People are doing traditional-style reviews all over the web, so we decided to try something different. In each “breakdown” we’ll take a look at what a film’s marketing led us to believe, how the movie actually played, and then what we learned from it all. Read on!
I don’t know if any movie has me more excited than Mad Max: Fury Road. Everything up to this point involving Mad Max has been done to perfection – casting, trailers (all of them were like mini-movies), the descriptions of what it took to bring this to life – and my hype level is so high I’m almost worried.
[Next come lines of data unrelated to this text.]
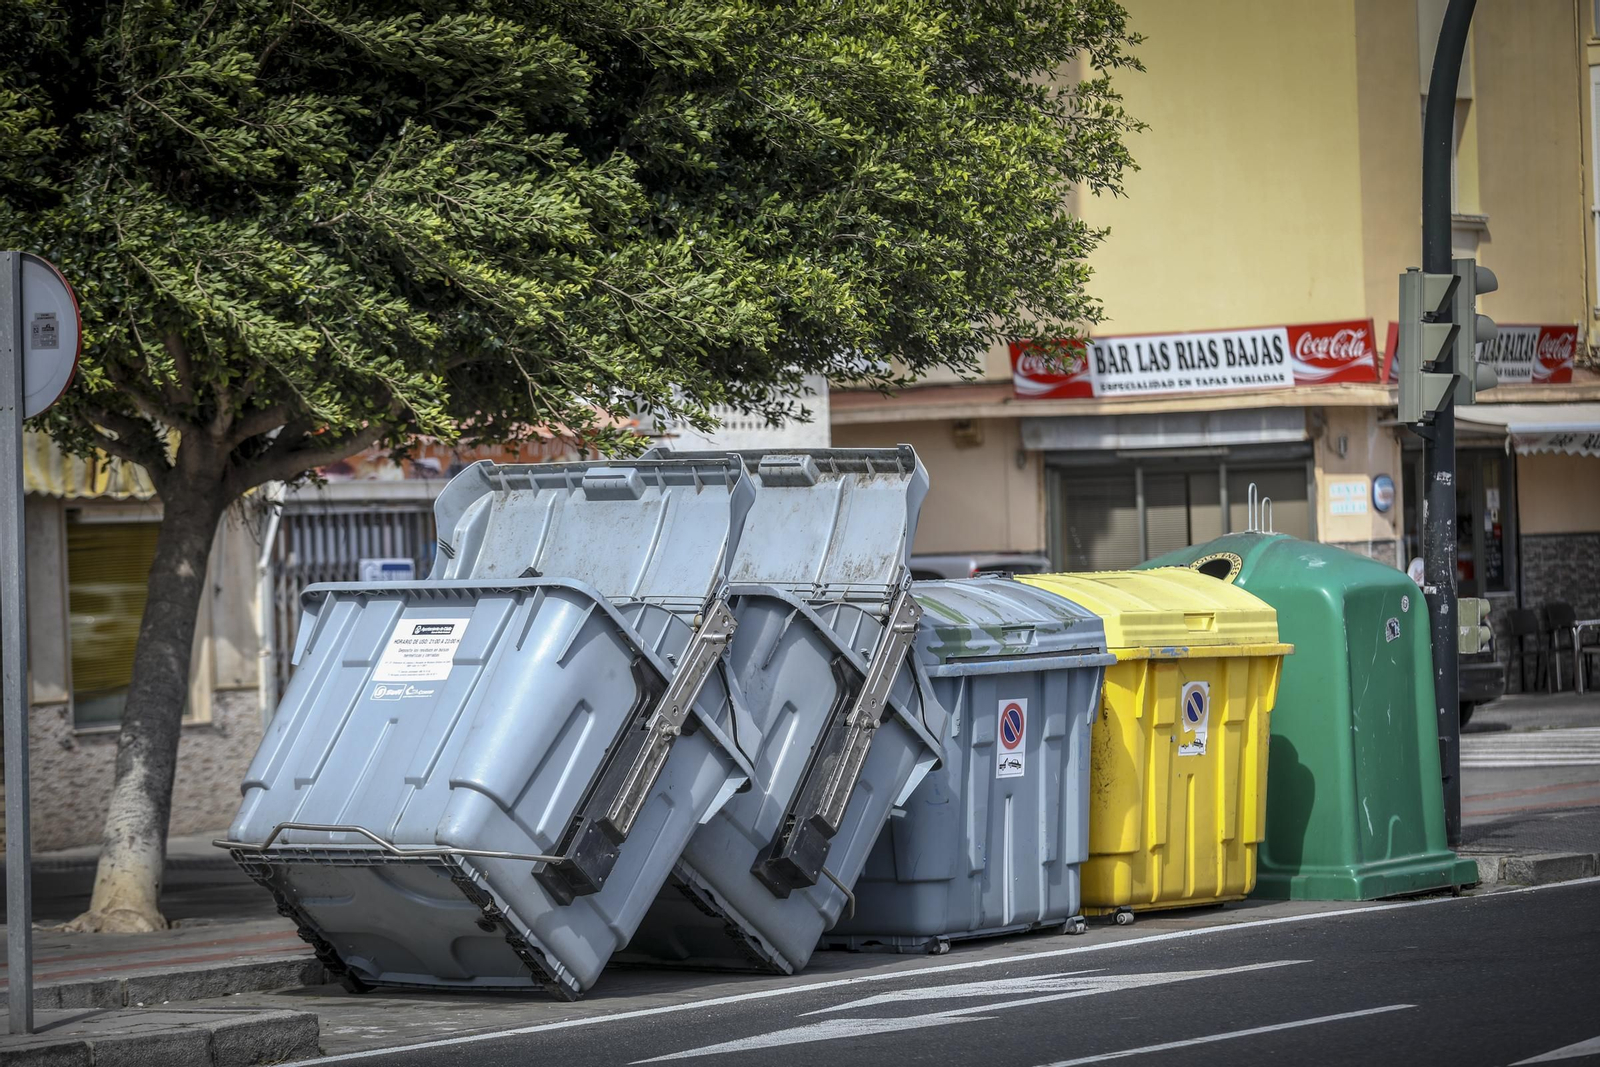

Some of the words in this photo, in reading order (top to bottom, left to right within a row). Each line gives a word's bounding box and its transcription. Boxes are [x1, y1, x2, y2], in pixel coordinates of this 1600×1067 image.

[1094, 342, 1133, 375] BAR
[1136, 340, 1171, 372] LAS
[1174, 338, 1220, 371] RIAS
[1223, 334, 1285, 368] BAJAS
[1100, 378, 1176, 392] ESPECIALIDAD
[1179, 377, 1193, 388] EN
[1195, 375, 1228, 387] TAPAS
[1231, 373, 1286, 385] VARIADAS
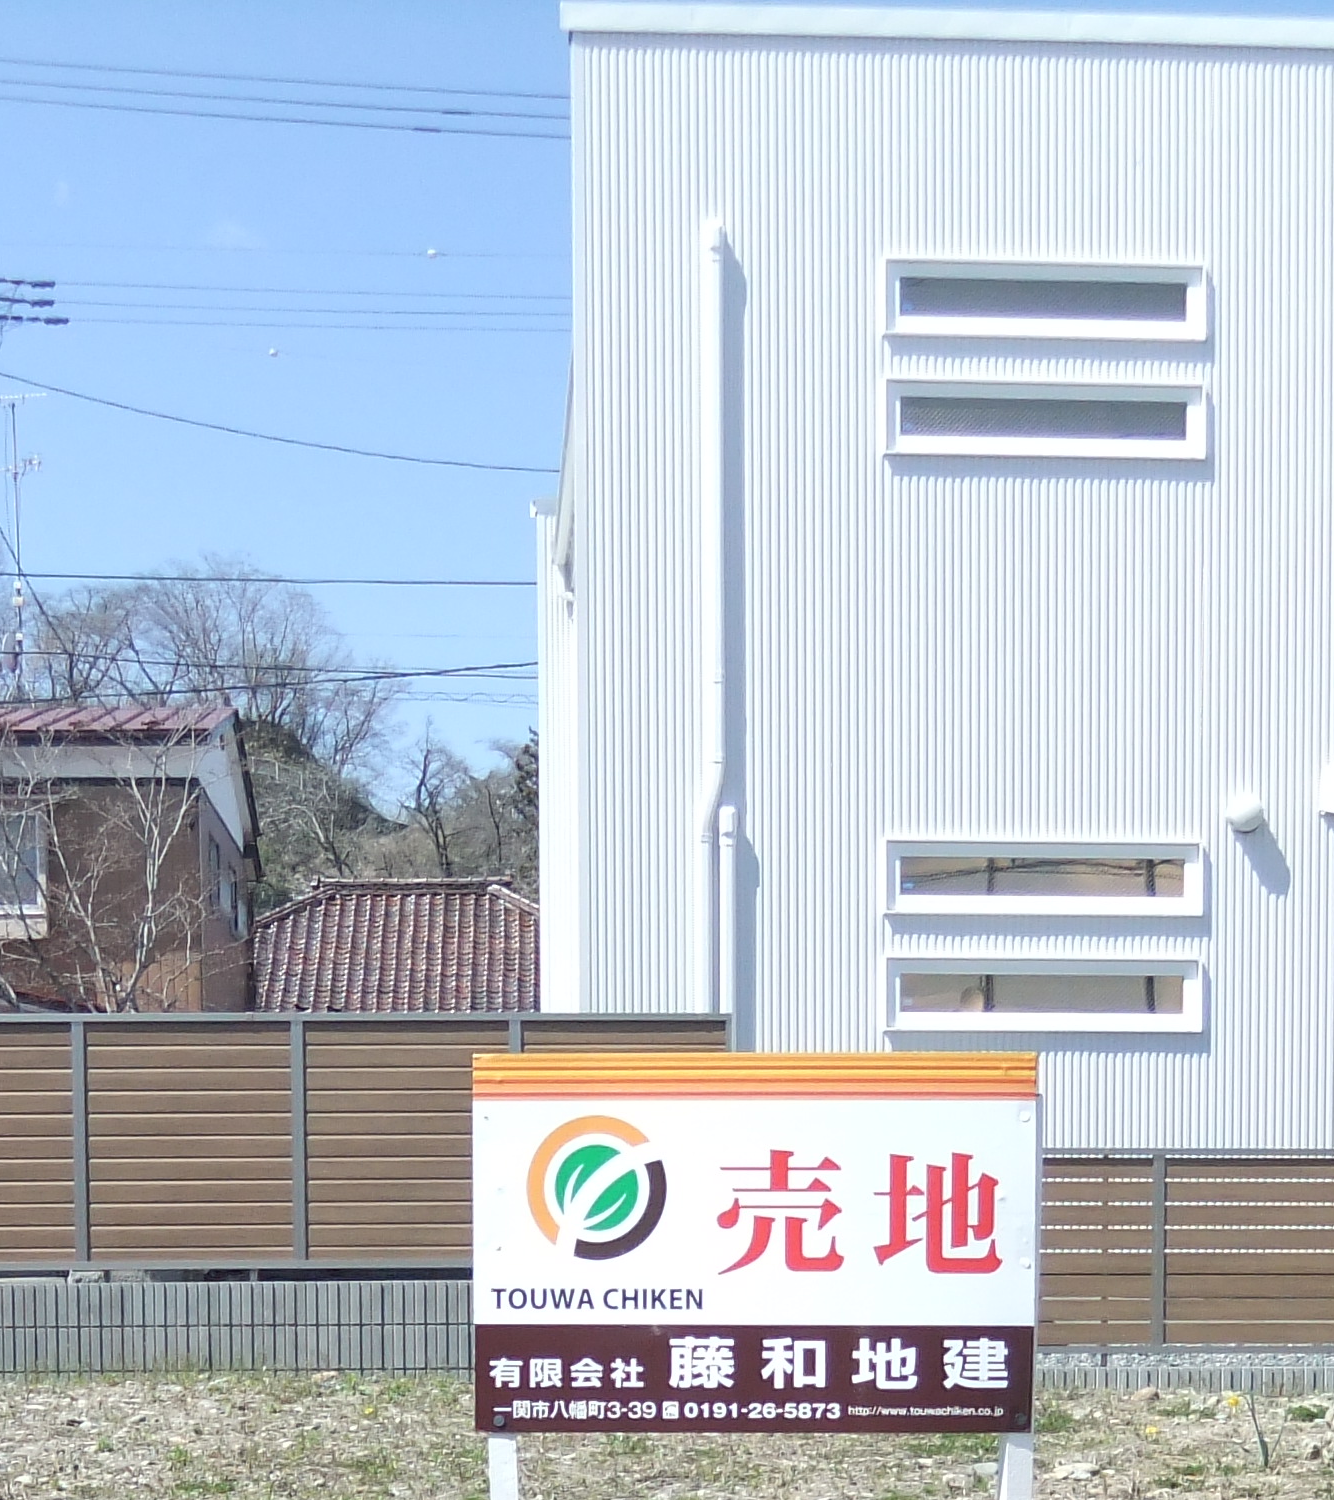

Big John Laird doesn’t like it when I get overly excited, or when start hacking up hyperbole, but after spending two hours in the new world of Mad Max, I can’t do anything but that. Mad Max: Fury Road is an absolute blast. The kind of blockbuster that hasn’t been made since the 80s. This is not a film beholden to the tropes of the big budget action movie. This is a film that feels like the work of a brand new director saying “fuck you” to the stereotypes of action – how it’s filmed, how the sound works, how the camera moves – and doing exactly what they want. George Miller is clearly a genius who’s been sitting the dark room of his mind for ten years sussing out the craziest things he could do with people on cars. I don’t want to say a single thing about what this movie is about or what happens, but just know that Miller mixes the concept of car-chases, post-apocalyptic society, and the hierarchical structure of how things work (in a world that doesn’t exist) and creates a world that could, in some sick, sad way, fully function. It’s, to say the least, visually amazing – every detail fleshed out to operate, pragmatically, in this universe. No character doesn’t fit into the world he’s built, but each of them, based on class and context, is given room to shine. Tom Hardy’s Max is a more literal version of “Mad”, a man consumed by his past, just trying to survive in a world gone completely fucked up. His pairing with a group of seemingly helpless baby-brides and a brutal, but sensitive, captain, slowly brings him back from the edge, and the full-tilt, full-throttle ride it takes to get there is something to behold. At some point in the middle of the film I felt a tinge of “oh, maybe I don’t like that” but as walked out of the theater, my head spinning with images of flame-throwing guitars, desert moto-women, and exploding lances, I couldn’t (and can’t) remember what it was. See this film. See it twice. And then see it again.
George Miller very subtly makes this a film about female empowerment. The moment where Max passes his rifle (“one shot left”) into the hands of Charlize Theron and she BALANCES it on his shoulder to make a perfect shot is a beautiful, fun, moment that showcases Miller’s ease at creating strong female characters without having to spray paint it in enormous letters on the wall.